Leggere non è mai un atto isolato, ma un dialogo tra autore e lettore. L’origine stessa della parola lo conferma: in latino liber indicava la corteccia degli alberi, la materia viva che ha custodito le prime forme di scrittura.
Senza i libri saremmo un po’ più soli. Ci danno una mano a capire meglio quello che succede nel mondo e ci regalano la libertà di viaggiare con la mente. Ci insegnano a guardare le cose con i nostri occhi, facendoci capire quanto sia importante rispettare tutto ciò che ci circonda. E il bello è che possiamo scegliere noi come viverli: se sfogliando le pagine di carta o ascoltando una storia su un
dispositivo. In qualunque forma si presenti, il libro resta un motore di cambiamento capace di superare i limiti dello spazio e del tempo.
Vi aspettiamo nella nostra biblioteca d’Istituto per scoprire nuove storie e celebrare questa ricorrenza.
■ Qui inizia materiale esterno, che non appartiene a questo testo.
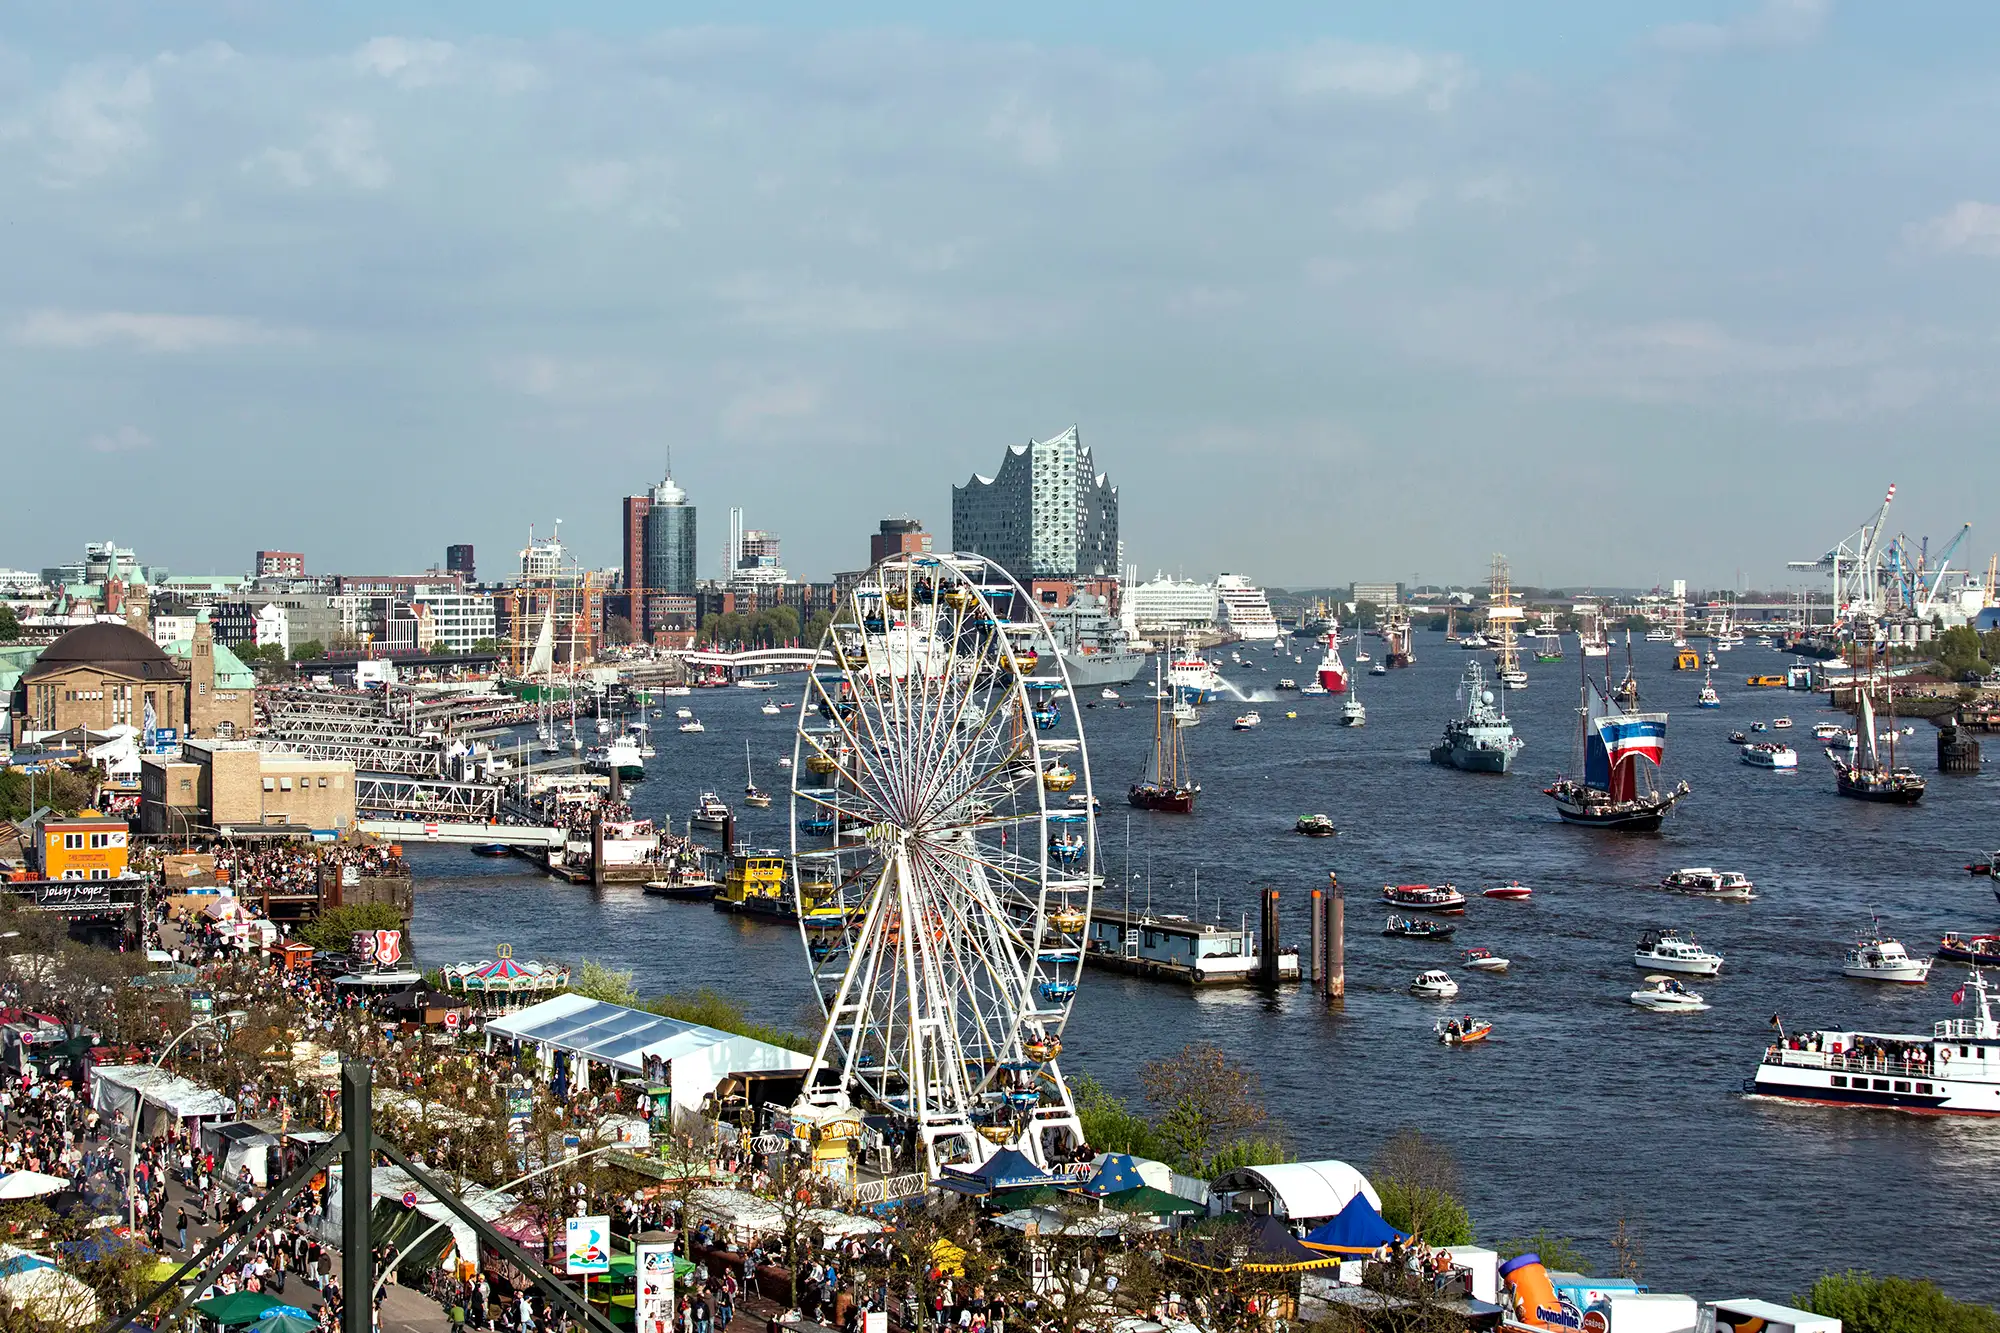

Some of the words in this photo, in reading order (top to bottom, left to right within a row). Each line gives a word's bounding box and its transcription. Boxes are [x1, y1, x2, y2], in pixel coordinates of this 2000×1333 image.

Potrete consultare materiali di approfondimento sia in sede che online, attraverso le risorse multimediali del nostro catalogo digitale https://bibloh.medialibrary.it/


Consigli di lettura:

La biblioteca di Parigi di Janet Skeslien Charles

 

 

 

 

 

 

Disponibile in biblioteca

Una storia unica in cui tre ingredienti si mescolano alla perfezione: la resistenza durante l’occupazione nazista, il fascino intramontabile di Parigi e la magia dei libri che devono essere sempre salvati e protetti da ogni male.
Parigi, 1940. I libri sono la luce. Odile non riesce a distogliere lo sguardo dalle parole che campeggiano sulla facciata della biblioteca e che racchiudono tutto quello in cui crede. Finalmente ha realizzato il suo sogno. Finalmente ha trovato lavoro in uno dei luoghi più antichi e prestigiosi del mondo. In quelle
sale hanno camminato Edith Wharton ed Ernest Hemingway. Vi è custodita la letteratura mondiale. Quel motto, però, le suscita anche preoccupazione. Perché una nuova guerra è scoppiata. Perché l’invasione nazista non è più un timore, ma una certezza. Odile sa che nei momenti difficili i templi della cultura sono i primi a essere in pericolo: è lì che i nemici credono che si annidi la ribellione, la disobbedienza, la resistenza. Nei libri ci sono parole e concetti proibiti. E devono essere distrutti. Odile non può permettere che questo accada. Deve salvare quelle pagine, in modo che possano nutrire la mente di chi verrà dopo di lei, come già hanno fatto con la sua. E non solo. La biblioteca è il primo luogo in cui gli ebrei della città provano a nascondersi: cacciati dalle loro case, tra i libri si sentono al sicuro, e Odile vuole difenderli a ogni costo. Anche se questo significa macchiarsi di una colpa che le stritola il cuore. Una colpa che solo lei conosce. Un segreto che, dopo molto tempo, consegna nelle mani della giovane Lily, perché possa capire il peso delle sue scelte e non dimentichi mai il potere dei libri: luce nelle tenebre, spiraglio di speranza nelle avversità.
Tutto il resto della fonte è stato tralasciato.